Many of the 100 parents and carers who viewed the videos for feedback appreciated what the videos learned:

“They are very clear and I like that they are short and to the point. Parents of autistic / ADHD children do not have much time due to the high needs of their children, so I appreciate the structure of the videos. “

“You really helped me understand that it’s not about defiance, but more about the role of the executive. Approaching it differently instead of arguing makes things so much better. “

“The videos made me feel less alone. They reminded me that my son’s behavior is ‘normal’ on the spectrum and hope that there are more things I can try to help him. “

The videos were originally designed to support parents during the pandemic who were forced to become home school special educators for adolescents with ASD and ADHD.

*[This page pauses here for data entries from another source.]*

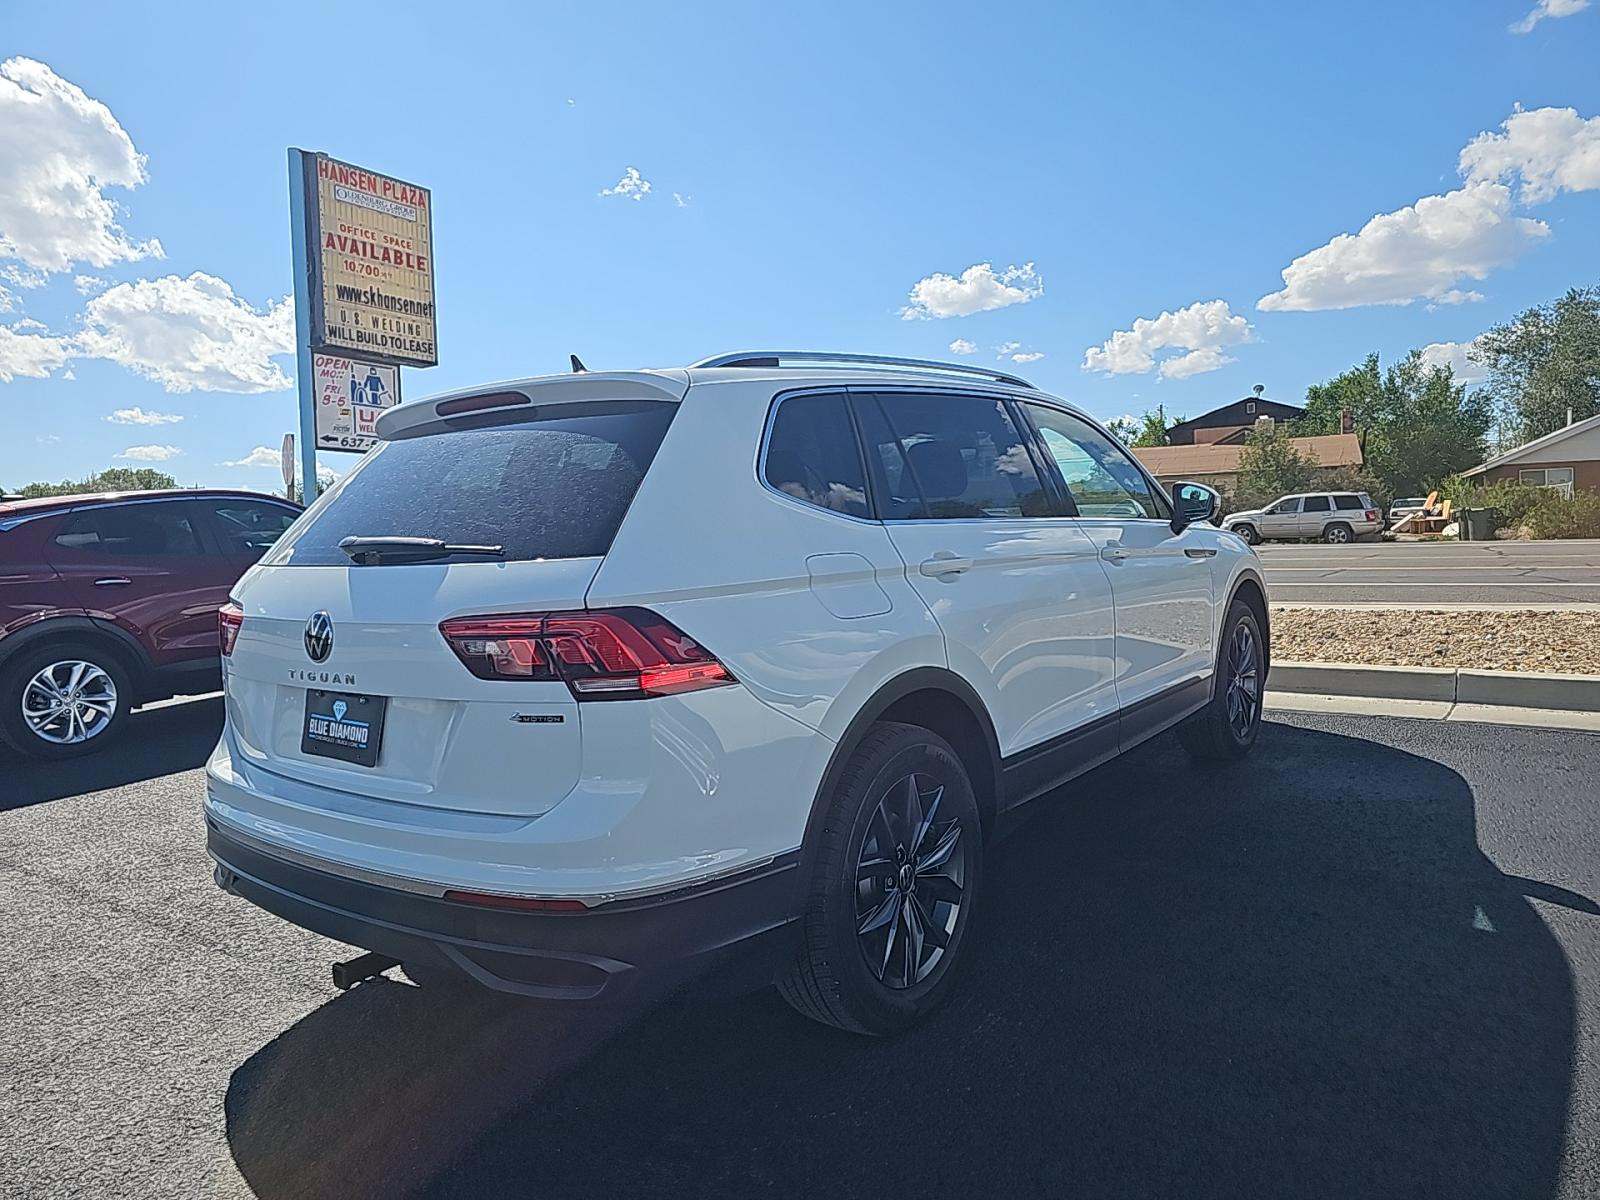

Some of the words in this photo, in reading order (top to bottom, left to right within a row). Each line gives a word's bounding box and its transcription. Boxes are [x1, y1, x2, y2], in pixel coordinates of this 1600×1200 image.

[319, 160, 377, 194] HANSEN
[383, 180, 426, 209] PLAZA
[340, 224, 377, 241] OFFICE
[383, 235, 413, 250] SPACE
[325, 232, 427, 272] AVAILABLE
[372, 315, 421, 337] WELDING
[328, 325, 355, 342] WILL
[357, 330, 388, 347] BUILD
[389, 336, 403, 350] TO
[403, 339, 434, 355] LEASE
[315, 357, 350, 370] OPEN
[324, 384, 342, 394] FRI
[288, 669, 355, 685] TIGUAN
[309, 719, 329, 736] BLUE
[329, 722, 369, 743] DIAMOND

Children with ADHD and ASD may have had difficulty regulating their behavior in the structured framework of a typical school day, but structure and predictability were suddenly lost during COVID.

A child’s ability to moderate their behavior and regulate their emotions can be challenged when a lot is happening. “During the COVID-19 pandemic, the normal structure of the school day is being turned upside down,” said Laura Anthony, PhD, University of Colorado School of Medicine and Children’s Hospital Colorado. “Children may experience disabled anxiety, mood disorders, and aggressive behavior because of their unmet needs during the unstructured days of the pandemic.”

Unstuck and On Target aims to develop a common mindset, language, and range of supports for teachers and caregivers to help children be more successful in school and at home.

“We know the skills and support in our original virtual and print editions of Unstuck and On Target are a valuable resource for parents and caregivers,” said Lauren Kenworthy, PhD, director of the Center for Autism Spectrum Disorders at Children’s National Hospital. “We’re so grateful to the creative minds at the University of Maryland’s School of Social Work for helping bring these ideas to life in videos so they can help even more families.”

The institute directed the development of the videos by Meredith W. Gunn, PhD, MSWDr Colorado Children’s Hospital; Lauren Kenworthy, PhD, director of the Center for Autism Spectrum Disorders at Children’s National Hospital; and the team of authors from Unstuck and On Target.

“At the University of Maryland School of Social Work, we are proud of this parenting video series, and proud of the work of Meredith Gunn and her team. We are dedicated to helping parents, caregivers, and teachers in their never-ending job of educating and raising children in the United States. Now, more than ever, these “front-line workers” need as much support as possible, ”said School of Social Labor Dean Judy L. Postmus, PhD, MSW.

Several of the videos are animated by the institute’s multimedia technicians using Vyond, Kaitlyn Decker, MS, and Dennard Brown.

“We wanted to make the characters varied so that they could reach a wide range of parents and be relatable,” said Brown. “The videos contain information that everyone can learn from. These techniques can have any level of relationship you have. “

The Institute for Innovation & Implementation

Founded in 2005, the Institute for Innovation & Implementation (The Institute) is part of the University of Maryland’s School of Social Work. The institute is committed to building research-based, innovative, sustainable and transformative systems and services for youth and family support and developing the capacities of the workforce within these systems. We do this work in partnership with government agencies, health care providers, and community-based organizations to improve outcomes for and with adolescents and their families.

Via the University of Maryland’s School of Social Work

The University of Maryland’s School of Social Work, founded in 1961, is highly regarded and respected. Its mission is to develop practitioners, leaders, and academics to advance the well-being of populations and communities and promote social justice. As national leaders, they create and use knowledge for education, service innovation and policy development.